I learned this technique recently and it’s so useful and easy. When I find myself overcome with anxiety, I shift my attention and focus on something specific. For example, I might count all the blue things in the room, list five things I can smell or 3 things I can hear. Either way, I give my brain a specific task to focus on and this usually stops the anxiety overwhelm taking hold.

Taking Time Out 

I know with everyday pressures it can be hard to take time for yourself. There’s work to do, kids to feed and a mountain of laundry. Taking time for yourself can easily be pushed to the bottom of the list but it shouldn’t. When I take some time to myself to do something I love I can literally feel my shoulders relax and some of the tension ease. I like to read, getting lost in a book is anxiety-reducing for me. Or you could try meditation, a bubble bath or playing with your dog. Do whatever you love doing.
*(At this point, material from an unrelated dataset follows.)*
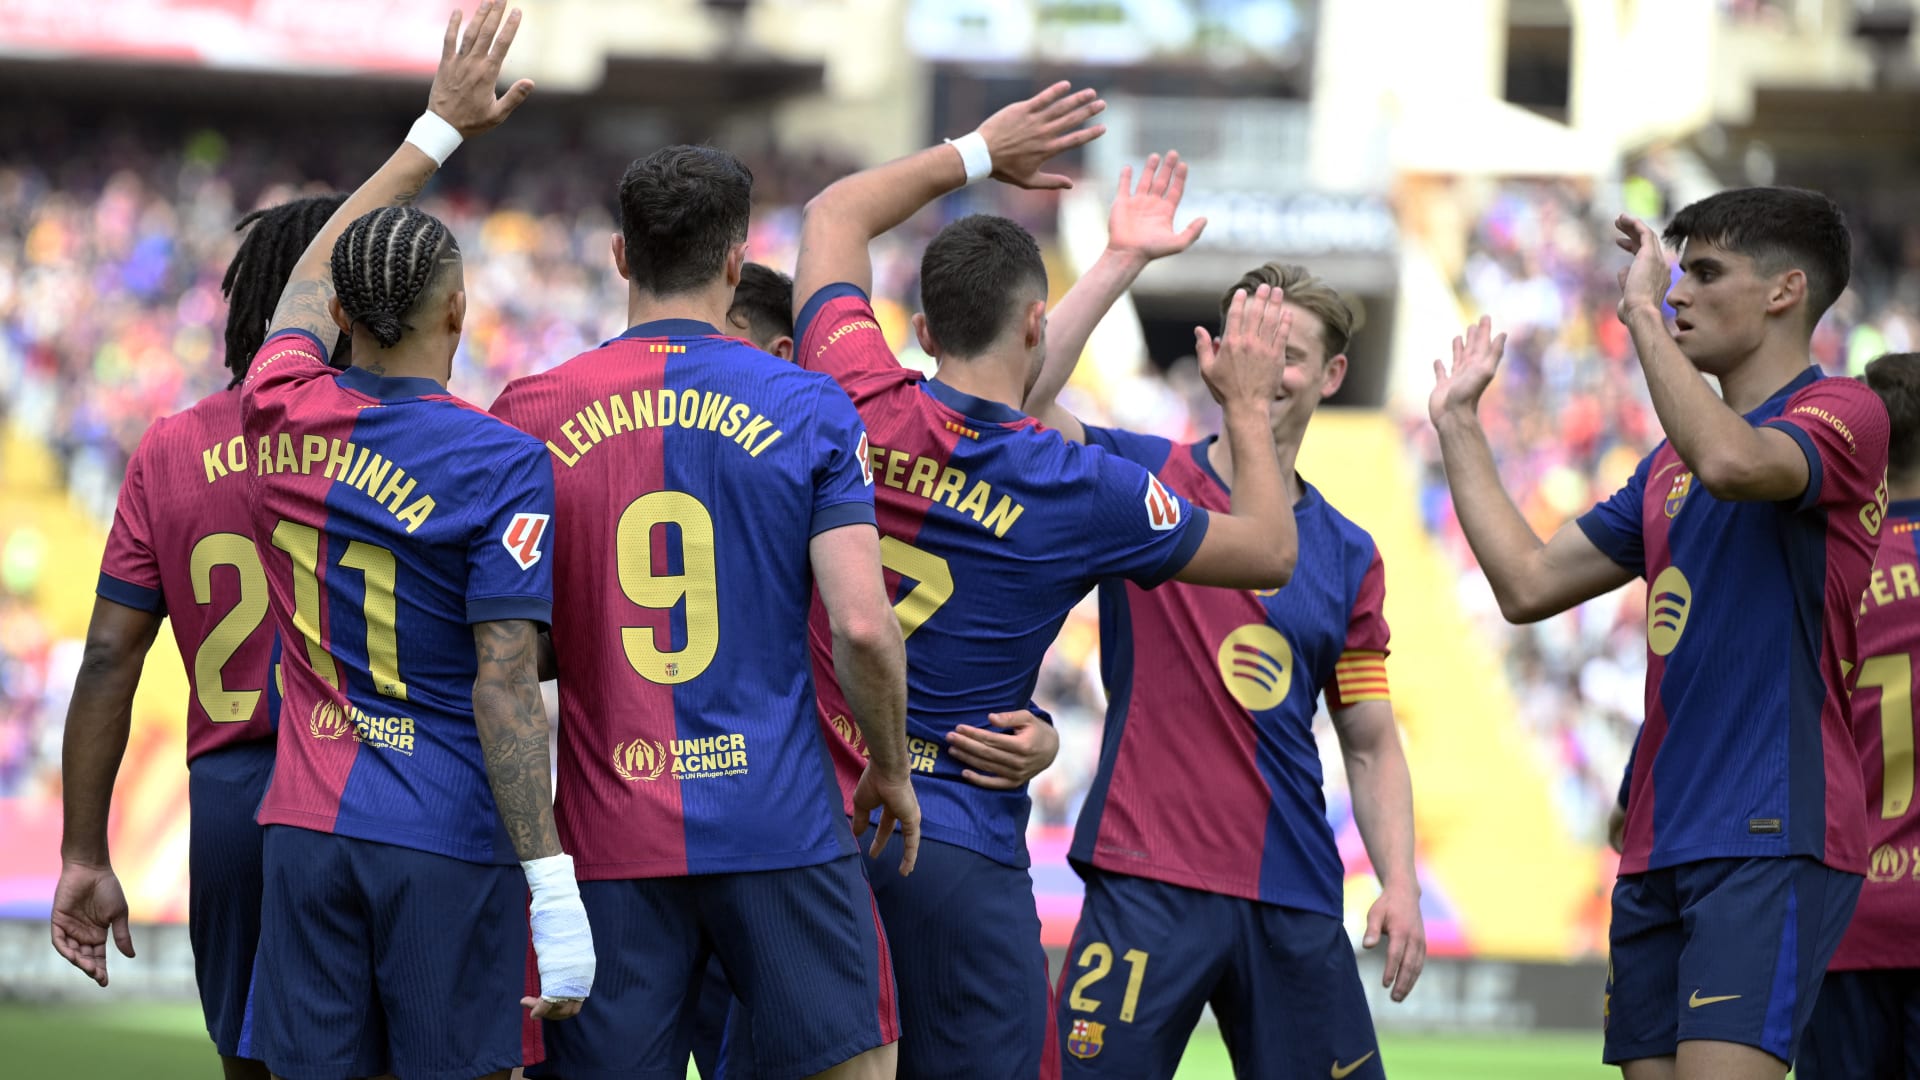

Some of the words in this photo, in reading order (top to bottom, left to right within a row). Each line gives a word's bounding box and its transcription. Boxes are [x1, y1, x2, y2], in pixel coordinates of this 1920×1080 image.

Schedule ‘time out time’ into every day.

Setting Daily Goals

Anxiety has the awful ability to overwhelm. I find setting just 3 simple goals for the day helps. They give your day a focus and a sense of achievement when they are complete. It also allows you to get things done without overcommitting yourself. Some days my goals are: Get the laundry done, reply to emails and prep dinner. Your goals can be whatever you need them to be on the day.

Breathe Deeply

Breathing calms our bodies stress response. It will slow a pounding heart and quietens our mind. I have struggled with this one over the years I won’t lie and yet making it a part of your daily routine is essential. There are techniques you can follow if you wish,

Anxiety UK has a helpful guide, or to keep it simple do what I do. I try to practice deep breathing multiple times a day: while the kettle boils or I’m waiting for the bus. That way it becomes a habit, and you can put it straight into action when anxiety strikes.